L’impresa del coraggiosissimo (e bravissimo) traduttore può apparire disperata, priva di esiti del tutto convincenti (perché usare il verbo ammorbare, ad esempio?). La non-normalizzazione denuncia molte incertezze. Qualcosa del genere mi viene fatto di pensare di fronte alla recente ritraduzione del Giovane Holden (da parte di Matteo Colombo): con ogni evidenza, questa versione è nata vecchia, con quel «parlato» deplorevolmente finto. Così come finto era l’italiano della precedente versione, a opera di Adriana Motti. Davanti a certi casi-limite la bravura del tecnico che cesella la lingua finale non riesce a coprire la sconfitta complessiva. Mimetismo non è sinonimo di traduzione: costituisce un azzardo conforme a una procedura «naturalistica», e non cultural-stilistica come dovrebbe essere quella di una vera versione.

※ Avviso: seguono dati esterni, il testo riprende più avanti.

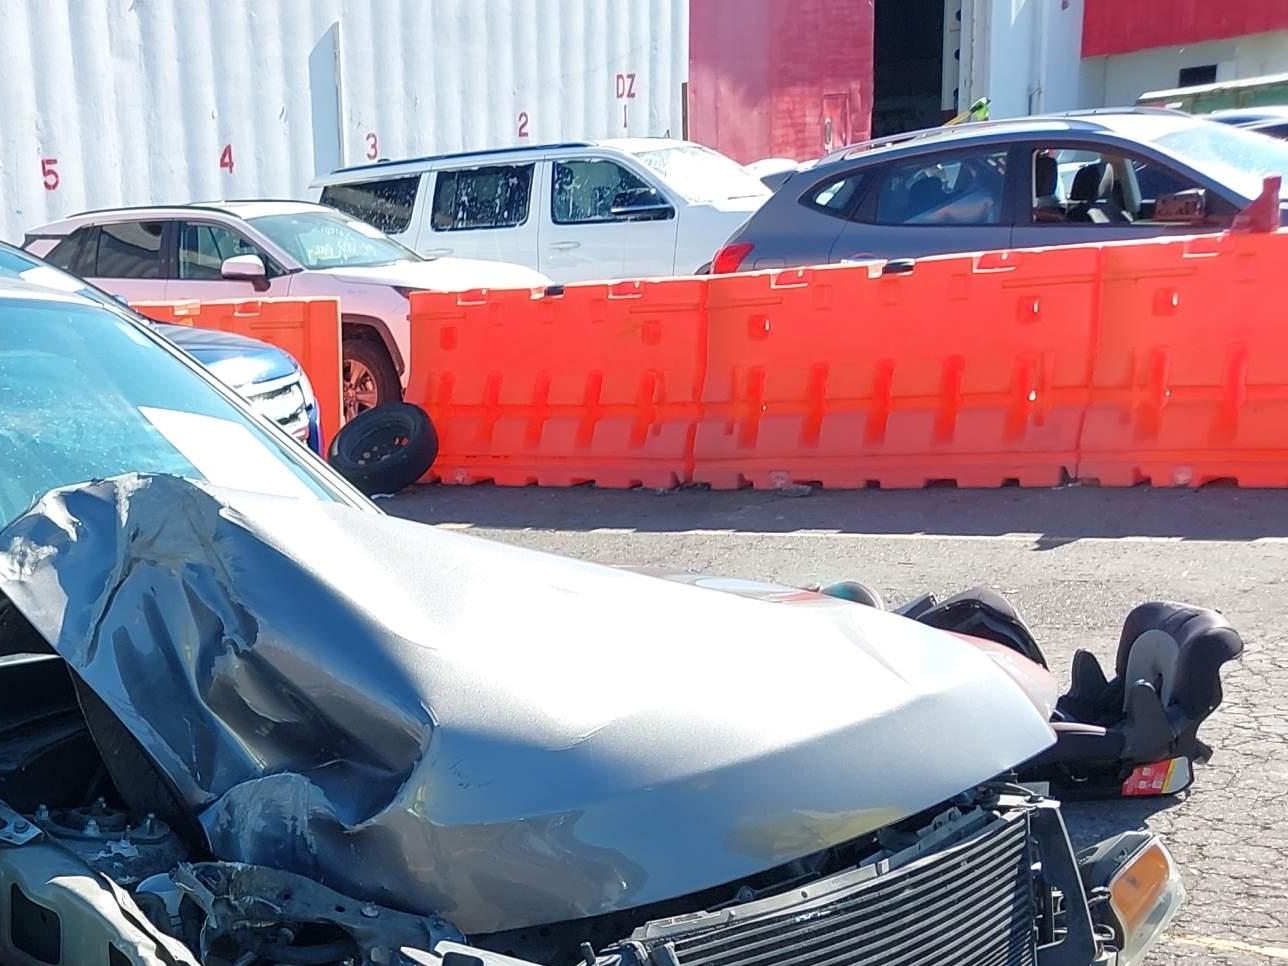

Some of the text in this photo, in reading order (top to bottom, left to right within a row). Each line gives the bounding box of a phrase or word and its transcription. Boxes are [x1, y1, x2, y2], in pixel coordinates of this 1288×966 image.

Il problema è immenso, va da sé. Mi chiedo: sono forse saltate le mediazioni, e la traduzione è diventata una scommessa ridefinita caso per caso e pencolante su un vuoto di progetti letterari?
Eppure. Eppure, qualche tempo fa un bravissimo giovane narratore come Vincenzo Latronico (anche traduttore) mi diceva che il suo ideale di stile letterario è quello esemplificato da Martina Testa quando traspone in italiano – per minimum fax – certi grandi della recente narrativa americana, da David Foster Wallace in giù. Come spieghiamo una simile affermazione, che poi è anche una diagnosi? Rispecchia l’esito quasi ineluttabile della globalizzazione o si limita a additare un artigianato di alto livello? E prova dell’esistenza di un neoitaliano glocal oppure suggerisce la subordinazione della nostra letteratura all’egemonia di capolavori che gli italiani non riescono a produrre? Forse entrambe le coppie di risposte sono giuste, anche se è auspicabile che la seconda sia più giusta della prima. Non perché ci aspettiamo che nascano, da quell’ibrido, nuovi Manzoni Verga Calvino; ma qualche germe di una narrativa un po’ più coraggiosa, sì.